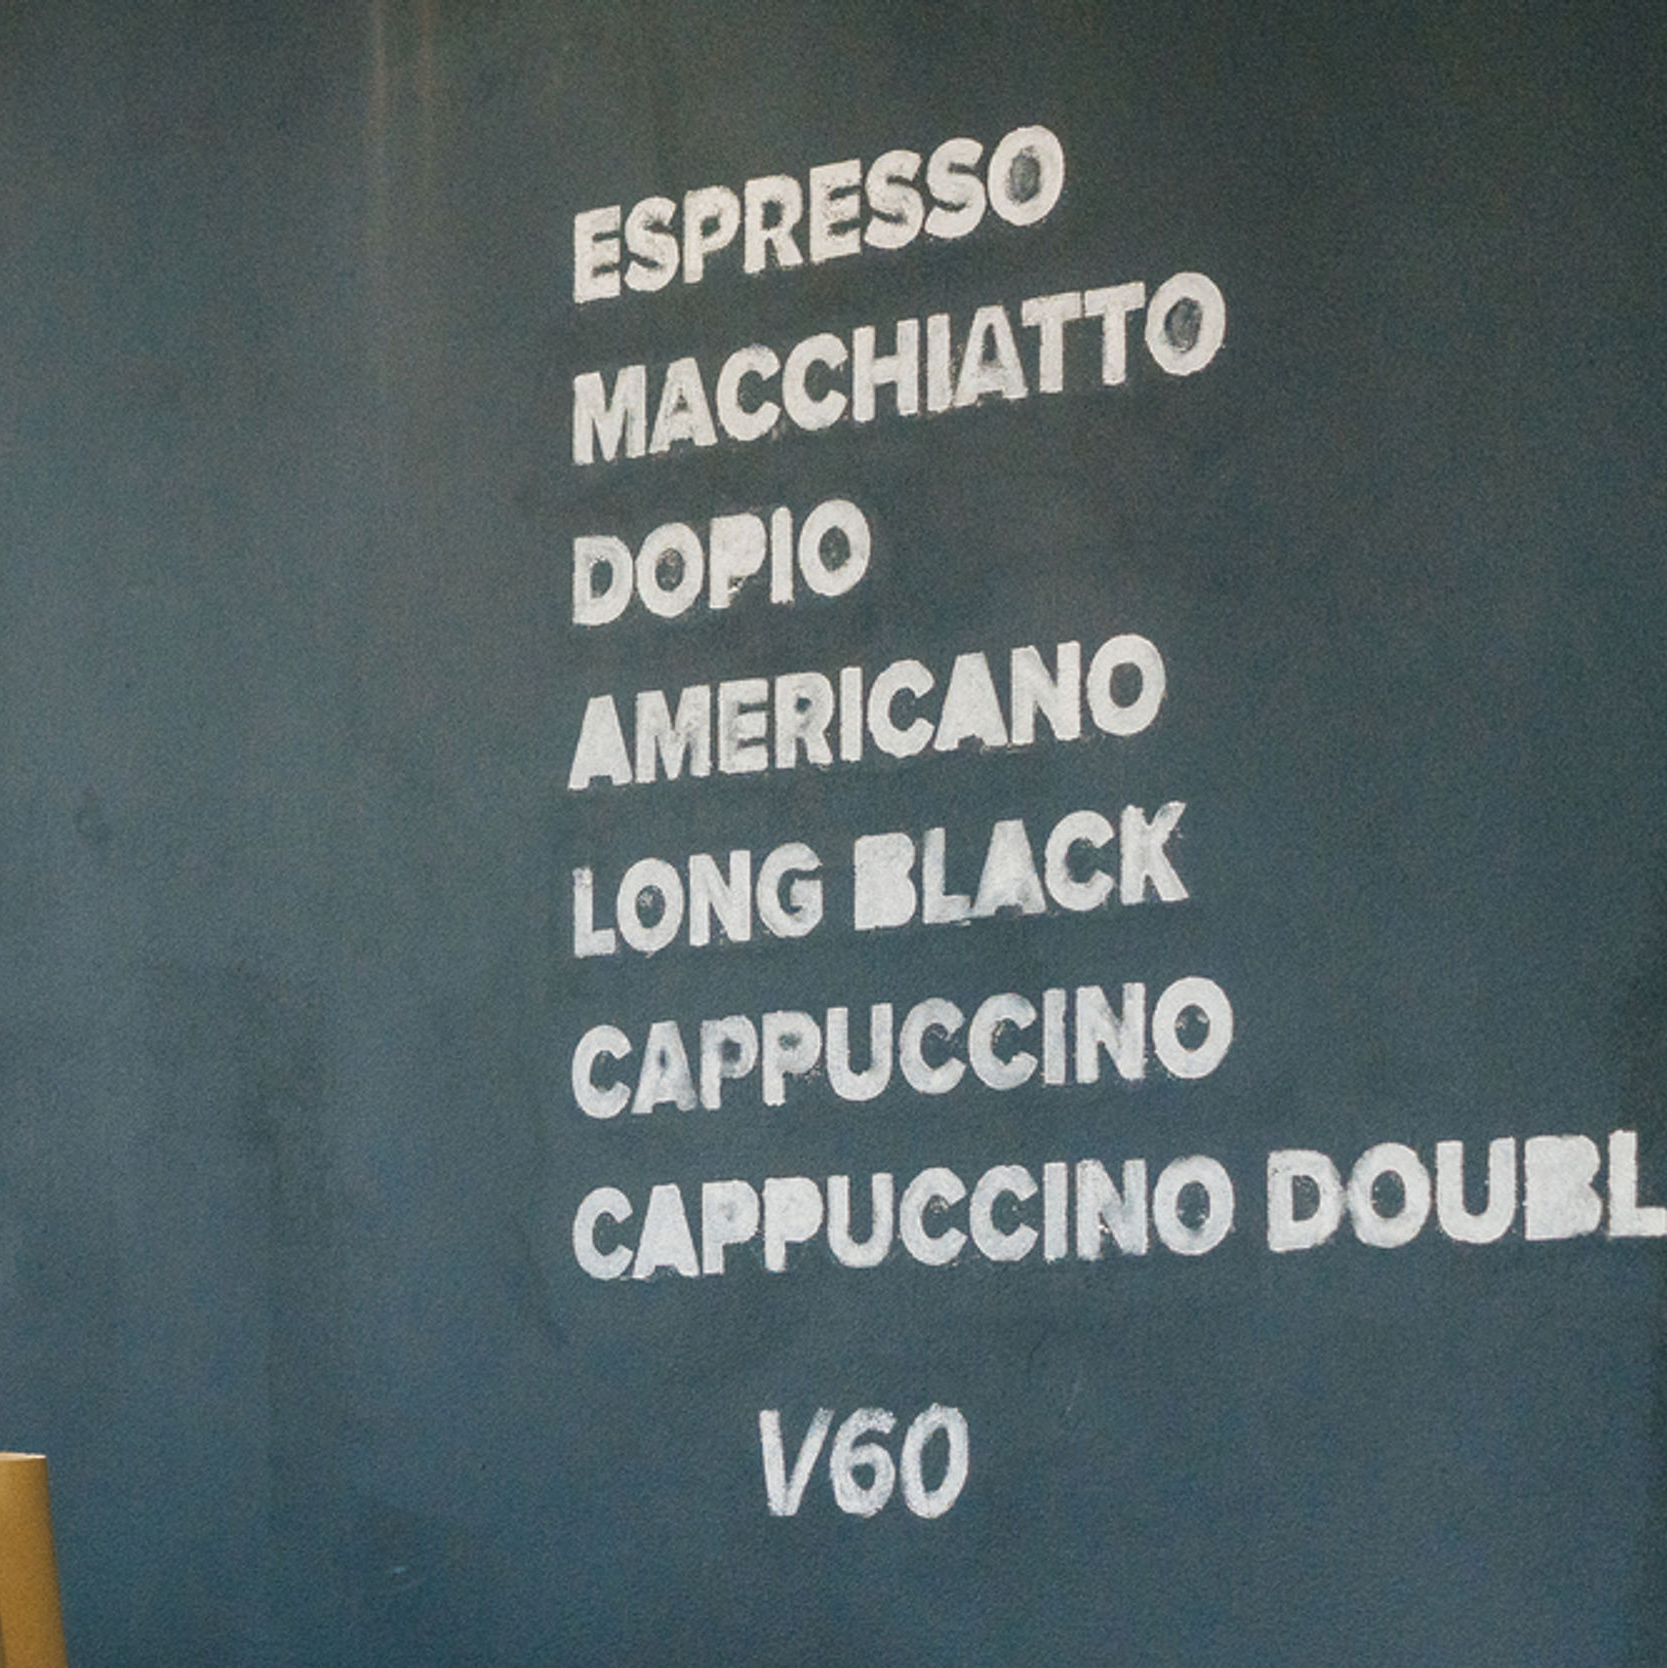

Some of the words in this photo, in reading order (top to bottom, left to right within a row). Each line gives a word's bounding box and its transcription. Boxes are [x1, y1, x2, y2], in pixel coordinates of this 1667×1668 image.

[572, 124, 1066, 305] ESPRESSO
[572, 271, 1226, 466] MACCHIATTO
[571, 498, 872, 627] DOPIO
[567, 633, 1167, 791] AMERICANO
[572, 842, 824, 959] LONG
[853, 800, 1190, 931] BLACK
[571, 975, 1234, 1119] CAPPUCCINO
[571, 1154, 1236, 1281] CAPPUCCINO
[1266, 1129, 1667, 1254] DOUBL
[758, 1402, 970, 1519] V60

________________________

> **Problem description**
Reproduce all lines above exactly. Leave the images out.

> **Written response**
Some of the words in this photo, in reading order (top to bottom, left to right within a row). Each line gives a word's bounding box and its transcription. Boxes are [x1, y1, x2, y2], in pixel coordinates of this 1667×1668 image.

[572, 124, 1066, 305] ESPRESSO
[572, 271, 1226, 466] MACCHIATTO
[571, 498, 872, 627] DOPIO
[567, 633, 1167, 791] AMERICANO
[572, 842, 824, 959] LONG
[853, 800, 1190, 931] BLACK
[571, 975, 1234, 1119] CAPPUCCINO
[571, 1154, 1236, 1281] CAPPUCCINO
[1266, 1129, 1667, 1254] DOUBL
[758, 1402, 970, 1519] V60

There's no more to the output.